** Opening DATA PROVIDED block **

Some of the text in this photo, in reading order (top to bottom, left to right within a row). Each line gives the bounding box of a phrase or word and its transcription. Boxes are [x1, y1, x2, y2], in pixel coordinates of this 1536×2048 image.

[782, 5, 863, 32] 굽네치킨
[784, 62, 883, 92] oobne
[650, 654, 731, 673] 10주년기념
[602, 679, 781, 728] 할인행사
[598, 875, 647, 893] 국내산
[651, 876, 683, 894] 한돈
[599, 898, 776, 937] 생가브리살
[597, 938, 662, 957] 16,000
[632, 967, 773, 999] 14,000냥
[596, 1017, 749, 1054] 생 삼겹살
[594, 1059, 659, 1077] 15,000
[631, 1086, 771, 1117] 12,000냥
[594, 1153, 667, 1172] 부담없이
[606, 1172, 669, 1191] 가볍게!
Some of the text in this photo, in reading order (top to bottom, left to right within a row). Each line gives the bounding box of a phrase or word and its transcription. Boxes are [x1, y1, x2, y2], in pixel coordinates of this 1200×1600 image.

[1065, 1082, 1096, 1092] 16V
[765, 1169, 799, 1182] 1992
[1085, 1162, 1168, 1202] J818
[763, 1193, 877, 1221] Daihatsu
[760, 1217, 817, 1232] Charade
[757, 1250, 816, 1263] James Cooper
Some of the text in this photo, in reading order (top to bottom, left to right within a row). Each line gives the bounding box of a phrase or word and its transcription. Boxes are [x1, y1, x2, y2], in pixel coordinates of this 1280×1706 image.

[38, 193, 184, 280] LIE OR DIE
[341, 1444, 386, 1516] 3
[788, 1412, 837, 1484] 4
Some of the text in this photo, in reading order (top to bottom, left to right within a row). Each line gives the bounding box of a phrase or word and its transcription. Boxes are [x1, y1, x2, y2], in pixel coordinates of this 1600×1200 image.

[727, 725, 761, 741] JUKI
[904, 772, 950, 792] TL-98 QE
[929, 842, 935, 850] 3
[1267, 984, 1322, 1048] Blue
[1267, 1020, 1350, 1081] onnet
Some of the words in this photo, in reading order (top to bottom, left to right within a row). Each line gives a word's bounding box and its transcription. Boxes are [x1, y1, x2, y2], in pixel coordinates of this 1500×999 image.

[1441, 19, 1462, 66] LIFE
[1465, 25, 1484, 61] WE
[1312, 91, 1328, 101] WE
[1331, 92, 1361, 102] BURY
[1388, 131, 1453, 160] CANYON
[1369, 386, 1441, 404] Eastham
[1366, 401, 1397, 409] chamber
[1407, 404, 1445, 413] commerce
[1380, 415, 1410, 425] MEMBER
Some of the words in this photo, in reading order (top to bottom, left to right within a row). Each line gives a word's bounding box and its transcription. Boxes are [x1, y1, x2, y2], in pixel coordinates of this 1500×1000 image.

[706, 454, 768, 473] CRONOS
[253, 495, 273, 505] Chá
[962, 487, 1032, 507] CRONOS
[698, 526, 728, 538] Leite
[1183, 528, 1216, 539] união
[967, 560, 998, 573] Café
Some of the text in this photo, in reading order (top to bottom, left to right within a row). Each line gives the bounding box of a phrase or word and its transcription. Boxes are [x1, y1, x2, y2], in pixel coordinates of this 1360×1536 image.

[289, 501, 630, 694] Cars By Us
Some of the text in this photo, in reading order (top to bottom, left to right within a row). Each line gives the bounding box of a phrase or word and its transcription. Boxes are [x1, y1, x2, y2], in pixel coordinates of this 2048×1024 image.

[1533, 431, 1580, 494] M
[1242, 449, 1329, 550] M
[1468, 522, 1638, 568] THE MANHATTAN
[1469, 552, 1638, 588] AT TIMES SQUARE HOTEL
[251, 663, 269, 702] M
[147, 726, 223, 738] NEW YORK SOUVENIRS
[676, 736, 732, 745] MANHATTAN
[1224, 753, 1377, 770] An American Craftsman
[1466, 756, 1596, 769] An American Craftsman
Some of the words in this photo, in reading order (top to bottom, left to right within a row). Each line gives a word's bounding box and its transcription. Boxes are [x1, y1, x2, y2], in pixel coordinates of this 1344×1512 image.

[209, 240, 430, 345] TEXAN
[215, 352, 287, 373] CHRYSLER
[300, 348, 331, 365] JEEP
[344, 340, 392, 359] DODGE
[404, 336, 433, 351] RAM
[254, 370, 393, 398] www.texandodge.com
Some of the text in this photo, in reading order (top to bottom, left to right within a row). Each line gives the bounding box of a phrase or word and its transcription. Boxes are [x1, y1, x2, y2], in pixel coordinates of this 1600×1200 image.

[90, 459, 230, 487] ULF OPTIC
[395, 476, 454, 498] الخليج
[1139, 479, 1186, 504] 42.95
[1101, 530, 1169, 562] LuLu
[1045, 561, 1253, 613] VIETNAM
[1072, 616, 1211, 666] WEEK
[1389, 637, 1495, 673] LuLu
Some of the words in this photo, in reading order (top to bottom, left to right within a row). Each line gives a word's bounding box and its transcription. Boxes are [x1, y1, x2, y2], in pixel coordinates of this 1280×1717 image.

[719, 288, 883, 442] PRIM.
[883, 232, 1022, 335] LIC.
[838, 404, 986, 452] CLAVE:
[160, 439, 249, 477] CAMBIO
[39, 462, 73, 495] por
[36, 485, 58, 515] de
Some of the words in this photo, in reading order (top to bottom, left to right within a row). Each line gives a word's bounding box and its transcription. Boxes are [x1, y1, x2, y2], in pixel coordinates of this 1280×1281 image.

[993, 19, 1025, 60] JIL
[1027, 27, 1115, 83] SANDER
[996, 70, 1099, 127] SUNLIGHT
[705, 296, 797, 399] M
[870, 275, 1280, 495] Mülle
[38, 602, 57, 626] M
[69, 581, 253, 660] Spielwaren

** Closing DATA PROVIDED block **

§ PROBLEM DETAILS:
Word for word, copy all of the listing above.

§ WRITTEN RESPONSE:
Some of the text in this photo, in reading order (top to bottom, left to right within a row). Each line gives the bounding box of a phrase or word and its transcription. Boxes are [x1, y1, x2, y2], in pixel coordinates of this 1536×2048 image.

[782, 5, 863, 32] 굽네치킨
[784, 62, 883, 92] oobne
[650, 654, 731, 673] 10주년기념
[602, 679, 781, 728] 할인행사
[598, 875, 647, 893] 국내산
[651, 876, 683, 894] 한돈
[599, 898, 776, 937] 생가브리살
[597, 938, 662, 957] 16,000
[632, 967, 773, 999] 14,000냥
[596, 1017, 749, 1054] 생 삼겹살
[594, 1059, 659, 1077] 15,000
[631, 1086, 771, 1117] 12,000냥
[594, 1153, 667, 1172] 부담없이
[606, 1172, 669, 1191] 가볍게!
Some of the text in this photo, in reading order (top to bottom, left to right within a row). Each line gives the bounding box of a phrase or word and its transcription. Boxes are [x1, y1, x2, y2], in pixel coordinates of this 1200×1600 image.

[1065, 1082, 1096, 1092] 16V
[765, 1169, 799, 1182] 1992
[1085, 1162, 1168, 1202] J818
[763, 1193, 877, 1221] Daihatsu
[760, 1217, 817, 1232] Charade
[757, 1250, 816, 1263] James Cooper
Some of the text in this photo, in reading order (top to bottom, left to right within a row). Each line gives the bounding box of a phrase or word and its transcription. Boxes are [x1, y1, x2, y2], in pixel coordinates of this 1280×1706 image.

[38, 193, 184, 280] LIE OR DIE
[341, 1444, 386, 1516] 3
[788, 1412, 837, 1484] 4
Some of the text in this photo, in reading order (top to bottom, left to right within a row). Each line gives the bounding box of a phrase or word and its transcription. Boxes are [x1, y1, x2, y2], in pixel coordinates of this 1600×1200 image.

[727, 725, 761, 741] JUKI
[904, 772, 950, 792] TL-98 QE
[929, 842, 935, 850] 3
[1267, 984, 1322, 1048] Blue
[1267, 1020, 1350, 1081] onnet
Some of the words in this photo, in reading order (top to bottom, left to right within a row). Each line gives a word's bounding box and its transcription. Boxes are [x1, y1, x2, y2], in pixel coordinates of this 1500×999 image.

[1441, 19, 1462, 66] LIFE
[1465, 25, 1484, 61] WE
[1312, 91, 1328, 101] WE
[1331, 92, 1361, 102] BURY
[1388, 131, 1453, 160] CANYON
[1369, 386, 1441, 404] Eastham
[1366, 401, 1397, 409] chamber
[1407, 404, 1445, 413] commerce
[1380, 415, 1410, 425] MEMBER
Some of the words in this photo, in reading order (top to bottom, left to right within a row). Each line gives a word's bounding box and its transcription. Boxes are [x1, y1, x2, y2], in pixel coordinates of this 1500×1000 image.

[706, 454, 768, 473] CRONOS
[253, 495, 273, 505] Chá
[962, 487, 1032, 507] CRONOS
[698, 526, 728, 538] Leite
[1183, 528, 1216, 539] união
[967, 560, 998, 573] Café
Some of the text in this photo, in reading order (top to bottom, left to right within a row). Each line gives the bounding box of a phrase or word and its transcription. Boxes are [x1, y1, x2, y2], in pixel coordinates of this 1360×1536 image.

[289, 501, 630, 694] Cars By Us
Some of the text in this photo, in reading order (top to bottom, left to right within a row). Each line gives the bounding box of a phrase or word and its transcription. Boxes are [x1, y1, x2, y2], in pixel coordinates of this 2048×1024 image.

[1533, 431, 1580, 494] M
[1242, 449, 1329, 550] M
[1468, 522, 1638, 568] THE MANHATTAN
[1469, 552, 1638, 588] AT TIMES SQUARE HOTEL
[251, 663, 269, 702] M
[147, 726, 223, 738] NEW YORK SOUVENIRS
[676, 736, 732, 745] MANHATTAN
[1224, 753, 1377, 770] An American Craftsman
[1466, 756, 1596, 769] An American Craftsman
Some of the words in this photo, in reading order (top to bottom, left to right within a row). Each line gives a word's bounding box and its transcription. Boxes are [x1, y1, x2, y2], in pixel coordinates of this 1344×1512 image.

[209, 240, 430, 345] TEXAN
[215, 352, 287, 373] CHRYSLER
[300, 348, 331, 365] JEEP
[344, 340, 392, 359] DODGE
[404, 336, 433, 351] RAM
[254, 370, 393, 398] www.texandodge.com
Some of the text in this photo, in reading order (top to bottom, left to right within a row). Each line gives the bounding box of a phrase or word and its transcription. Boxes are [x1, y1, x2, y2], in pixel coordinates of this 1600×1200 image.

[90, 459, 230, 487] ULF OPTIC
[395, 476, 454, 498] الخليج
[1139, 479, 1186, 504] 42.95
[1101, 530, 1169, 562] LuLu
[1045, 561, 1253, 613] VIETNAM
[1072, 616, 1211, 666] WEEK
[1389, 637, 1495, 673] LuLu
Some of the words in this photo, in reading order (top to bottom, left to right within a row). Each line gives a word's bounding box and its transcription. Boxes are [x1, y1, x2, y2], in pixel coordinates of this 1280×1717 image.

[719, 288, 883, 442] PRIM.
[883, 232, 1022, 335] LIC.
[838, 404, 986, 452] CLAVE:
[160, 439, 249, 477] CAMBIO
[39, 462, 73, 495] por
[36, 485, 58, 515] de
Some of the words in this photo, in reading order (top to bottom, left to right within a row). Each line gives a word's bounding box and its transcription. Boxes are [x1, y1, x2, y2], in pixel coordinates of this 1280×1281 image.

[993, 19, 1025, 60] JIL
[1027, 27, 1115, 83] SANDER
[996, 70, 1099, 127] SUNLIGHT
[705, 296, 797, 399] M
[870, 275, 1280, 495] Mülle
[38, 602, 57, 626] M
[69, 581, 253, 660] Spielwaren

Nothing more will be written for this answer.